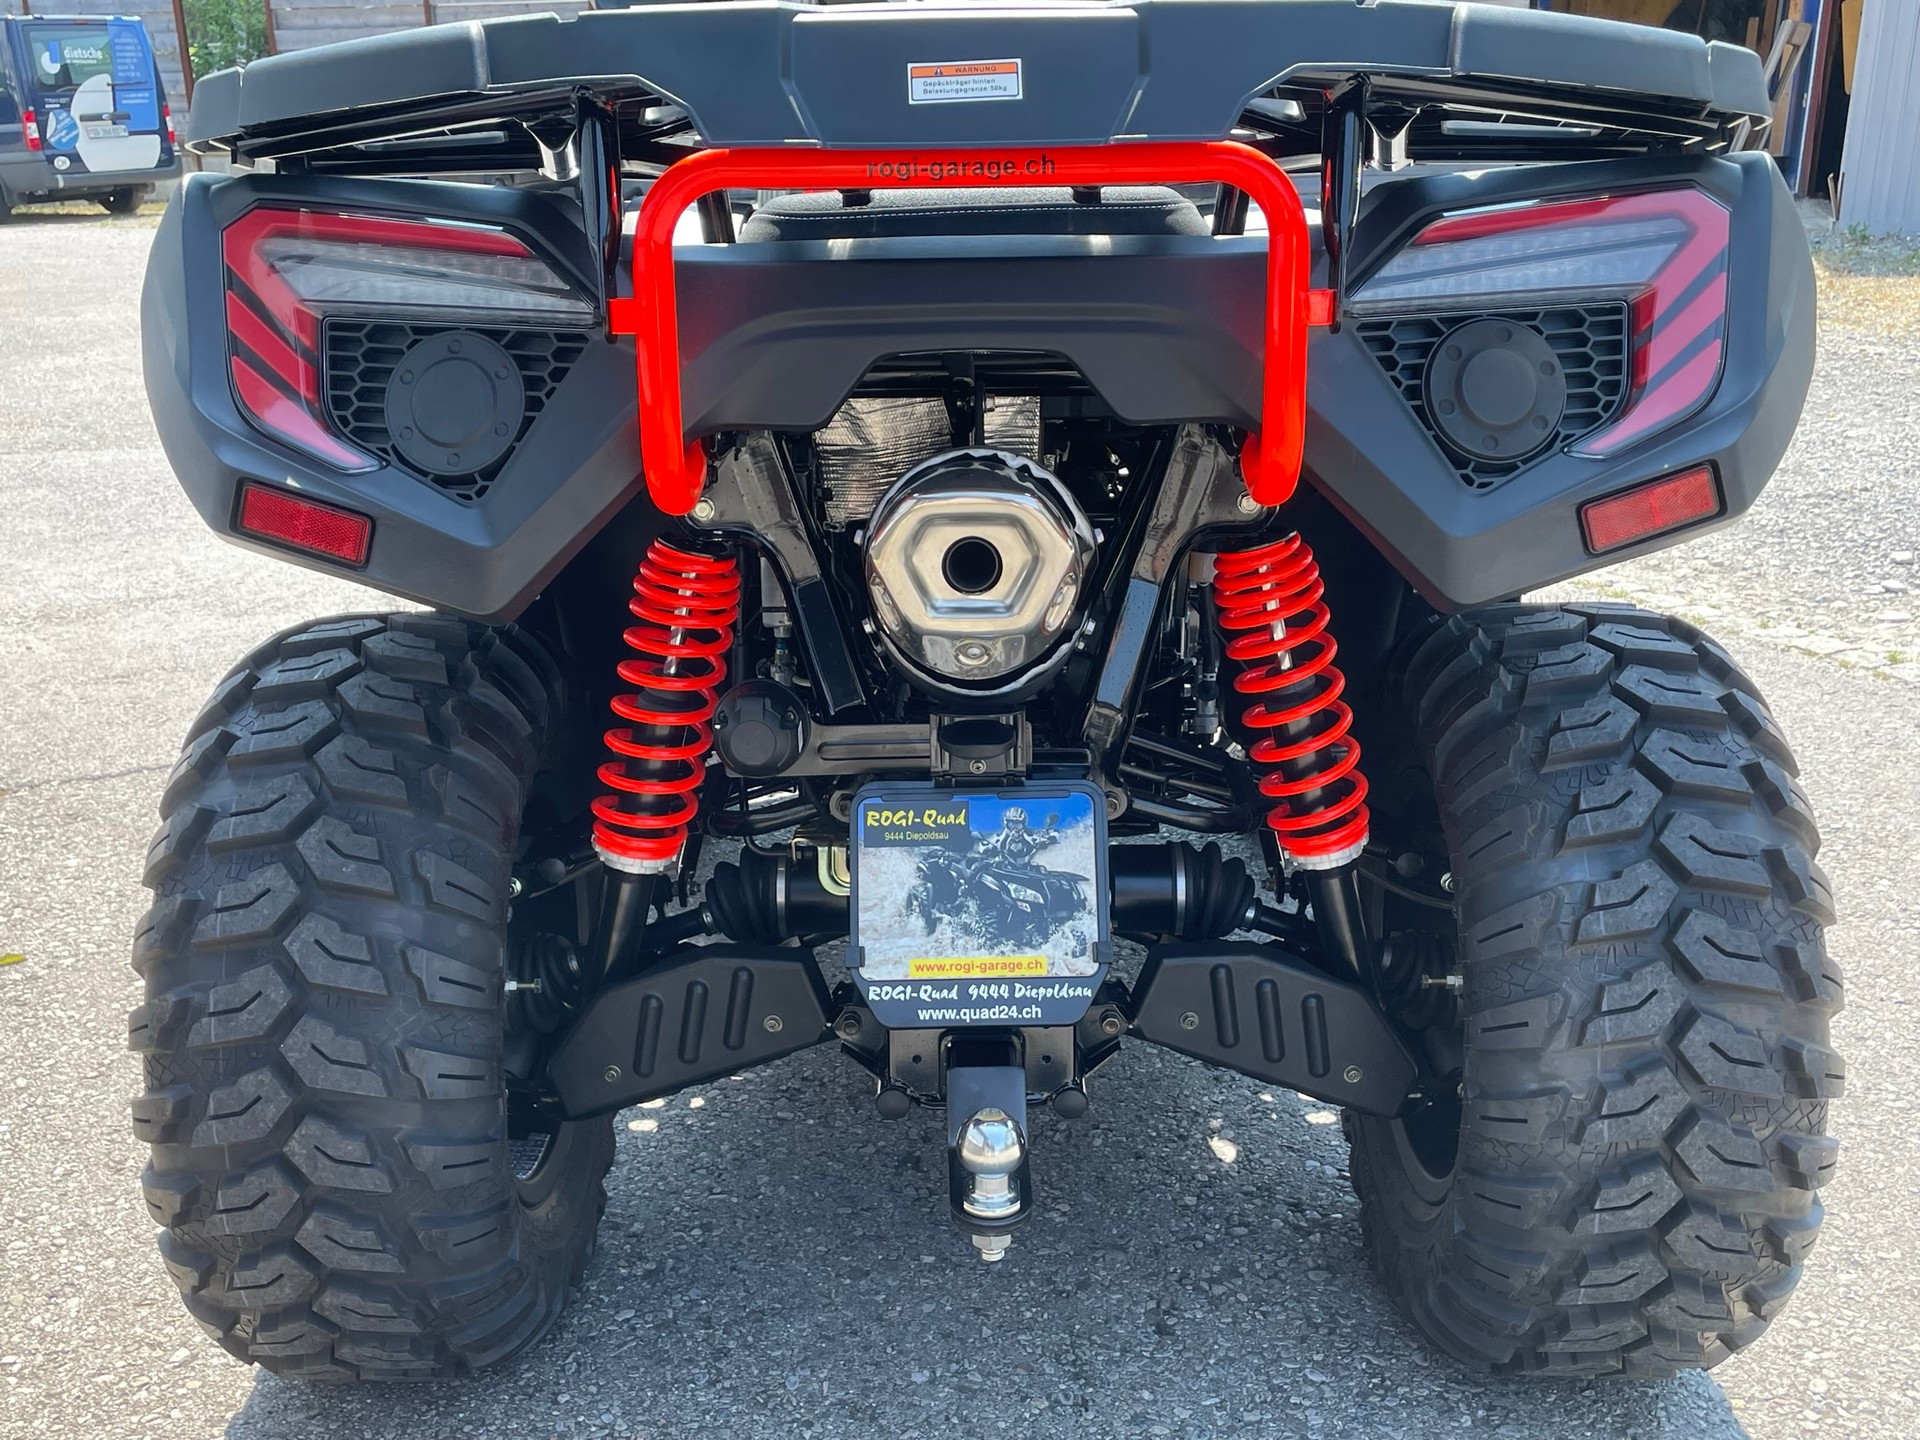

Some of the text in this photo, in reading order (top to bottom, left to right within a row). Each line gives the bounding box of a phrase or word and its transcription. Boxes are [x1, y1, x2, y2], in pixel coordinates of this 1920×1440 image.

[64, 46, 103, 59] dietsche
[954, 65, 997, 74] WARNUNG
[922, 78, 971, 88] Gepäckträger
[867, 154, 1056, 181] rogi-garage.ch
[866, 809, 966, 827] ROGI-Quad
[884, 830, 949, 842] 9444 Diepoldsau
[915, 959, 1043, 976] www.rogi-garage.ch
[868, 982, 1092, 1002] ROGI-Quad 9444 Diepoldsau
[917, 1005, 1042, 1023] www.quad24.ch
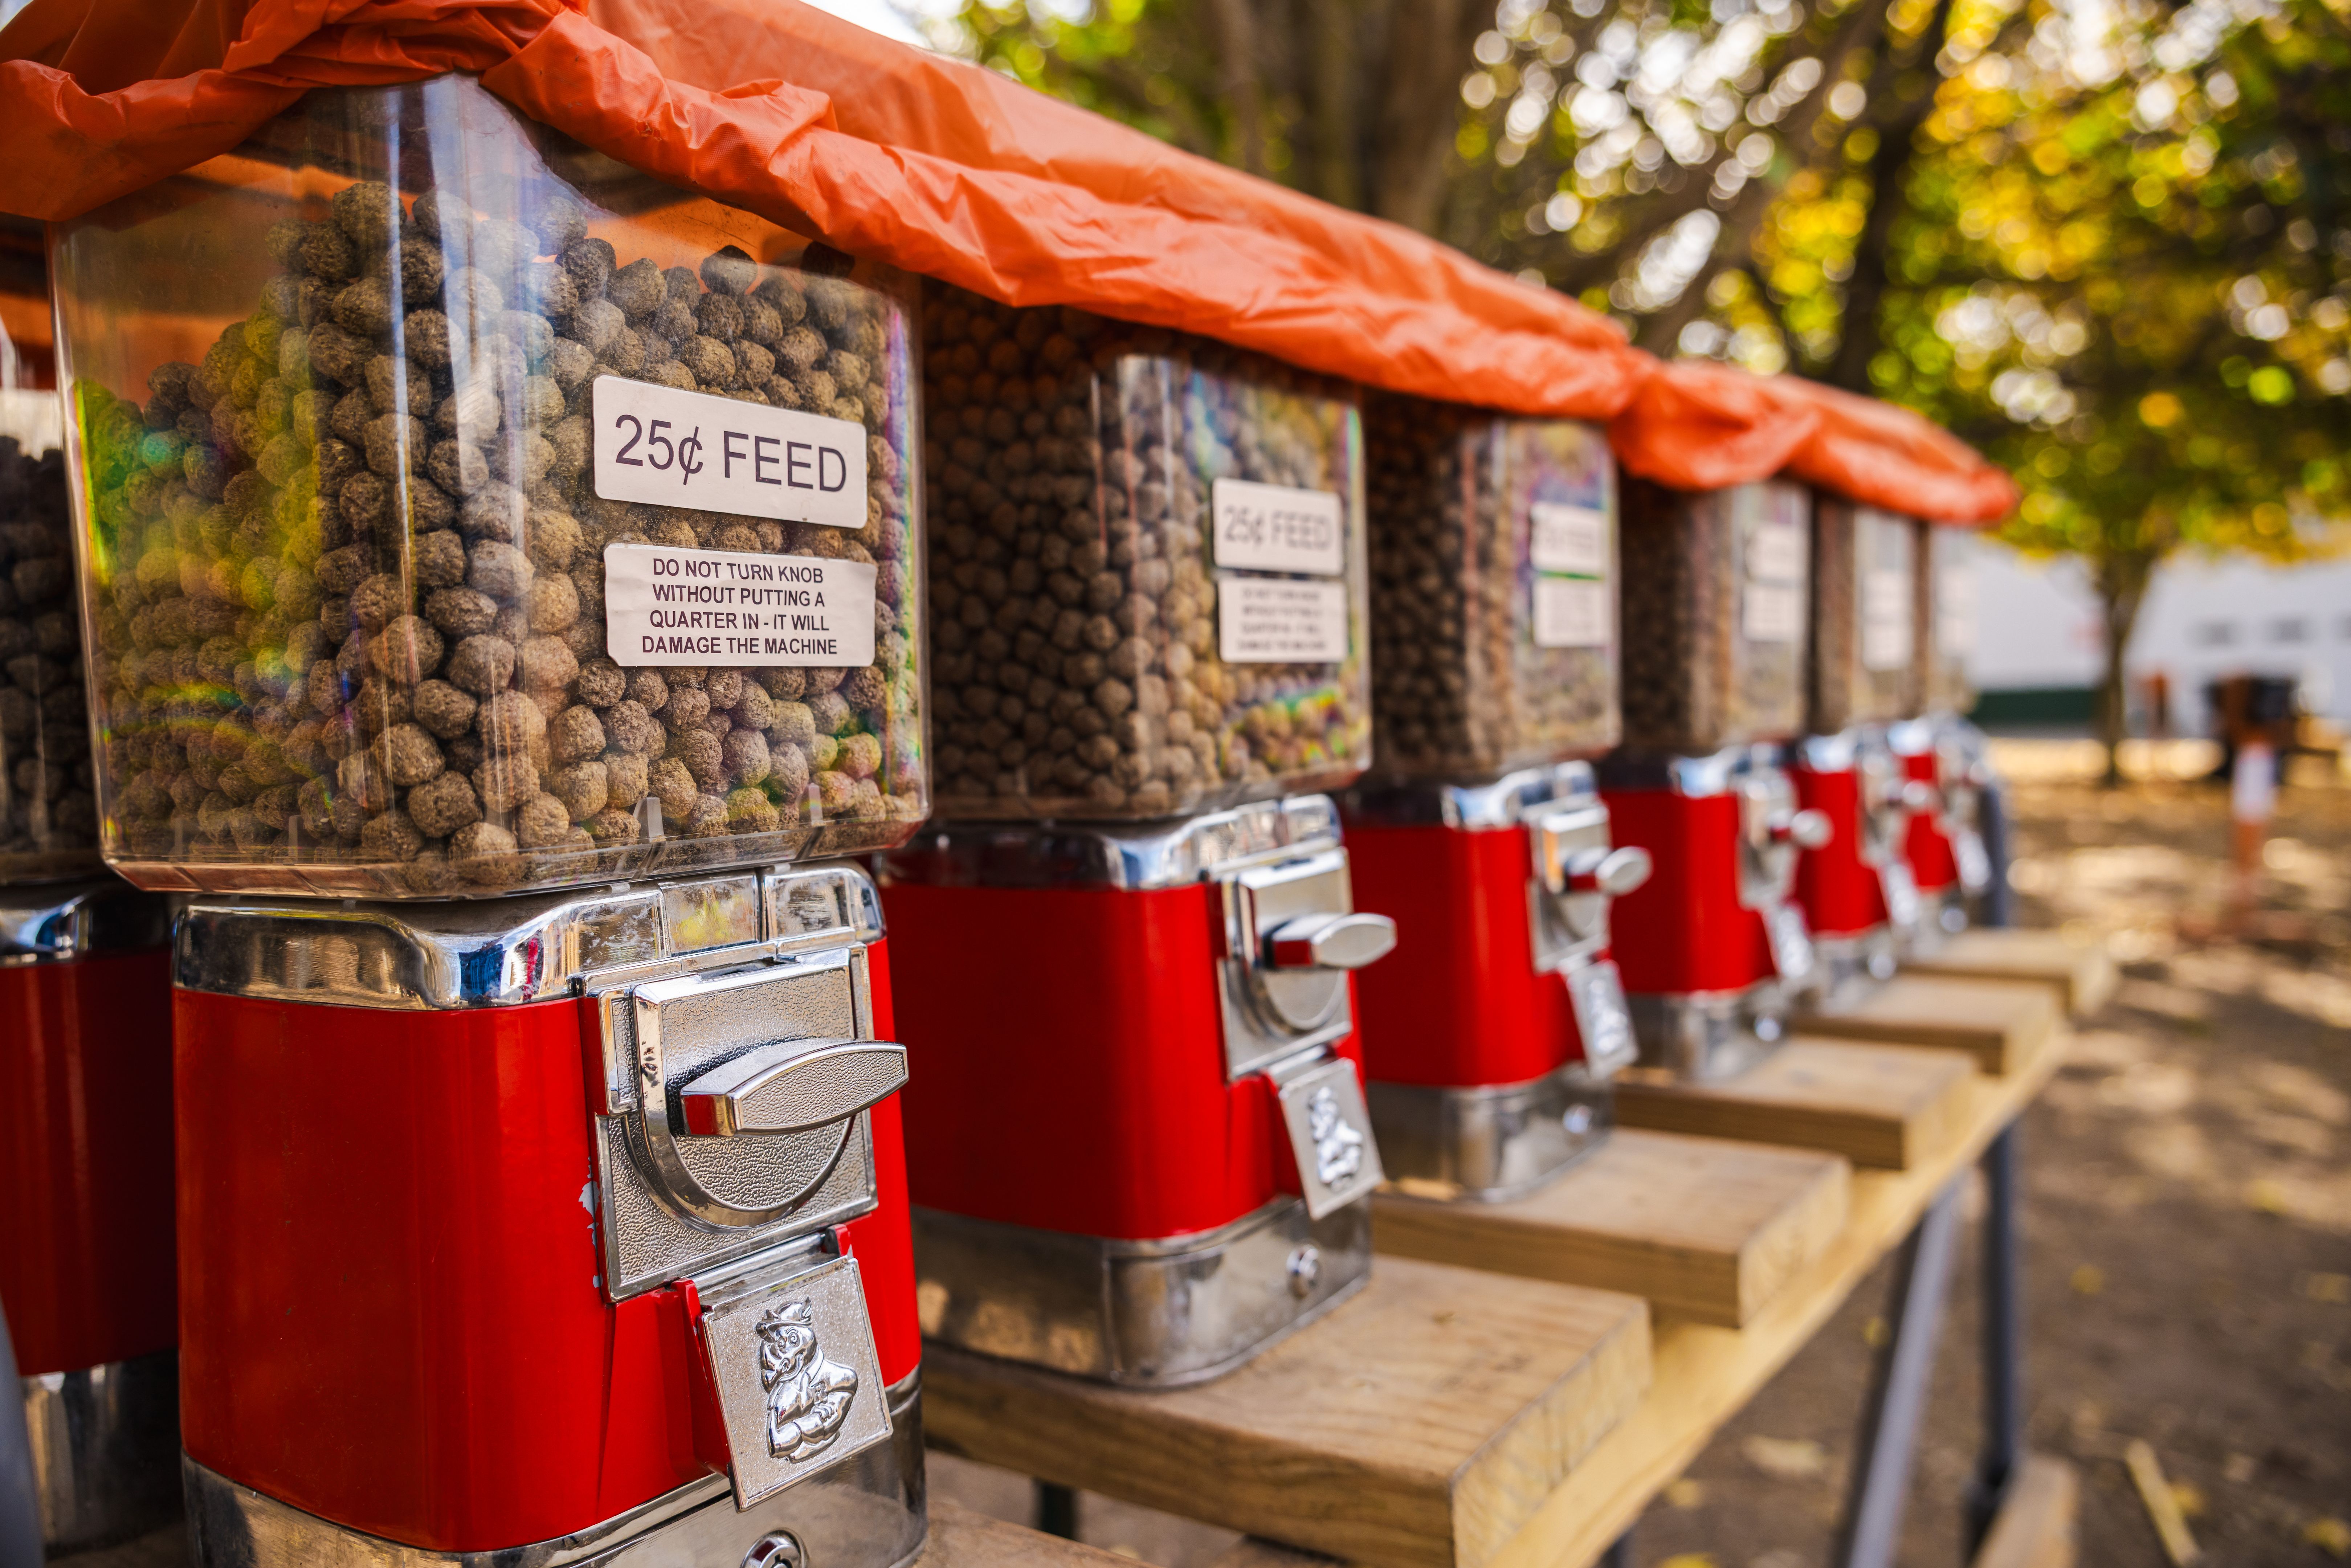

▸ **Assigned task**
Please restate all of the listing above word for word, with no pictures.

▸ **Task result**
Some of the text in this photo, in reading order (top to bottom, left to right within a row). Each line gives the bounding box of a phrase or word and its transcription. Boxes are [x1, y1, x2, y2], in pixel coordinates of this 1920×1440 image.

[64, 46, 103, 59] dietsche
[954, 65, 997, 74] WARNUNG
[922, 78, 971, 88] Gepäckträger
[867, 154, 1056, 181] rogi-garage.ch
[866, 809, 966, 827] ROGI-Quad
[884, 830, 949, 842] 9444 Diepoldsau
[915, 959, 1043, 976] www.rogi-garage.ch
[868, 982, 1092, 1002] ROGI-Quad 9444 Diepoldsau
[917, 1005, 1042, 1023] www.quad24.ch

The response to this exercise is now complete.